37.8 Testing and Debugging Custom Tools
The Testing Challenge
Testing MCP servers and custom tools presents unique challenges. Unlike traditional APIs where you control both the client and the server, MCP tools are invoked by AI models whose behavior is non-deterministic. You need to test that your tools work correctly when called with the inputs an AI might provide, including edge cases and unexpected inputs.
Unit Testing Tool Handlers
Start with traditional unit tests for your tool handlers. Since handlers are async functions that accept dictionaries and return structured results, they are straightforward to test:
import pytest
import json
@pytest.mark.asyncio
async def test_search_documentation_basic():
"""Test that search returns relevant results."""
result = await handle_search_docs({"query": "authentication"})
assert len(result) == 1
data = json.loads(result[0].text)
assert "results" in data
assert len(data["results"]) > 0
@pytest.mark.asyncio
async def test_search_documentation_empty_query():
"""Test that empty queries return an error."""
result = await handle_search_docs({"query": ""})
data = json.loads(result[0].text)
assert "error" in data
@pytest.mark.asyncio
async def test_search_documentation_missing_query():
"""Test that missing query parameter returns an error."""
result = await handle_search_docs({})
data = json.loads(result[0].text)
assert "error" in data
@pytest.mark.asyncio
async def test_search_documentation_max_results():
"""Test that max_results parameter is respected."""
result = await handle_search_docs({
"query": "test",
"max_results": 3,
})
data = json.loads(result[0].text)
assert len(data["results"]) <= 3
Integration Testing with the MCP Protocol
Integration tests verify that your server correctly implements the MCP protocol.
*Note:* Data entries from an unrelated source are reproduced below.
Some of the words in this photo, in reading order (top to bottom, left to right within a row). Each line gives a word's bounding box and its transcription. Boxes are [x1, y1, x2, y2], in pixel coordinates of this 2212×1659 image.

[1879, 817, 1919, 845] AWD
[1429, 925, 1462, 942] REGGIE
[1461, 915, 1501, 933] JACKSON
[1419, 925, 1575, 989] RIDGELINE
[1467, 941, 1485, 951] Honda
Use the mcp library's client to test the full request/response cycle:
import pytest
from mcp.client.session import ClientSession
from mcp.client.stdio import stdio_client, StdioServerParameters
@pytest.mark.asyncio
async def test_server_initialization():
"""Test that the server initializes correctly."""
server_params = StdioServerParameters(
command="python",
args=["my_server.py"],
)
async with stdio_client(server_params) as (read, write):
async with ClientSession(read, write) as session:
await session.initialize()
# Server should be connected
tools = await session.list_tools()
assert len(tools.tools) > 0
@pytest.mark.asyncio
async def test_tool_invocation():
"""Test invoking a tool through the MCP protocol."""
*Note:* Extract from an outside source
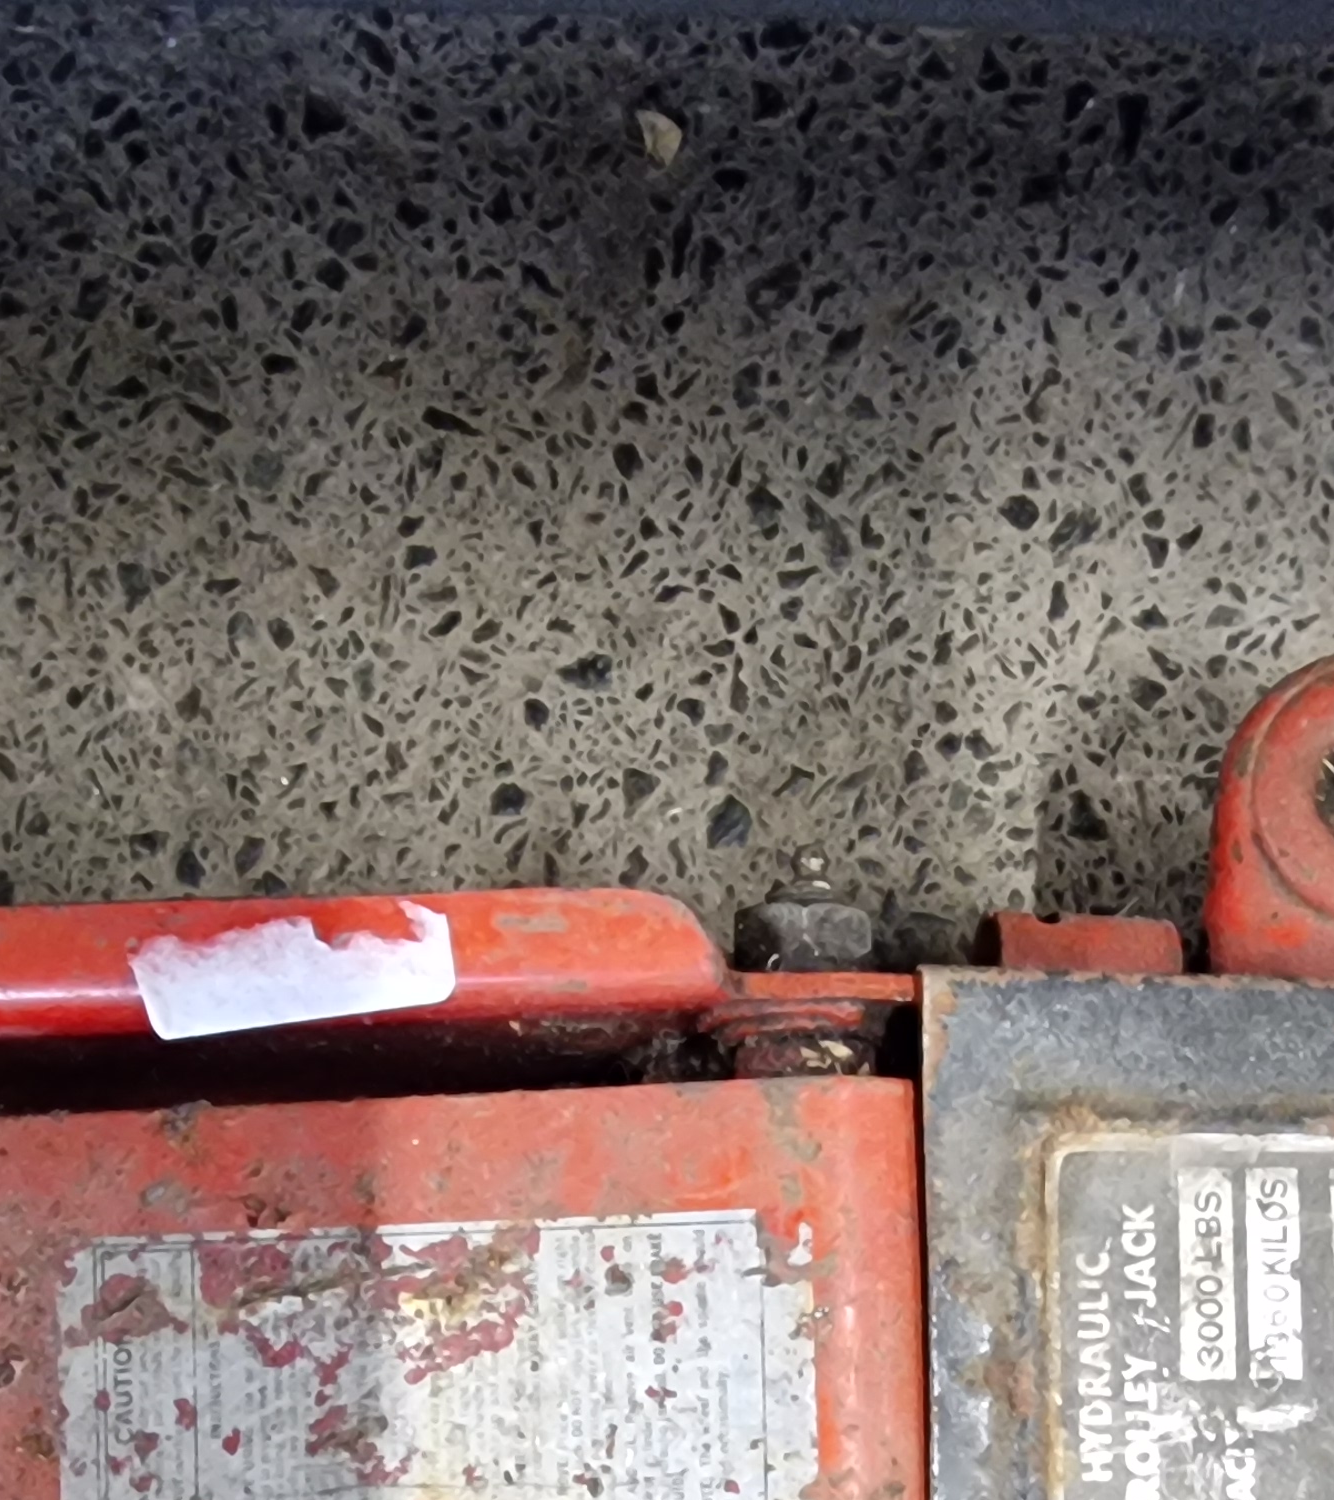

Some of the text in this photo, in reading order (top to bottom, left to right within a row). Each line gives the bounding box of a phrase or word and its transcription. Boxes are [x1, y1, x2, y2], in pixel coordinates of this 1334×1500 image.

server_params = StdioServerParameters(
command="python",
args=["my_server.py"],
)
async with stdio_client(server_params) as (read, write):
async with ClientSession(read, write) as session:
await session.initialize()
result = await session.call_tool(
"count_words",
{"text": "hello world foo bar"},
)
data = json.loads(result.content[0].text)
assert data["word_count"] == 4
Schema Validation Testing
Test that your tool schemas are valid and complete:
from jsonschema import Draft7Validator
def test_tool_schemas_are_valid():
"""Verify all tool schemas are valid JSON Schema."""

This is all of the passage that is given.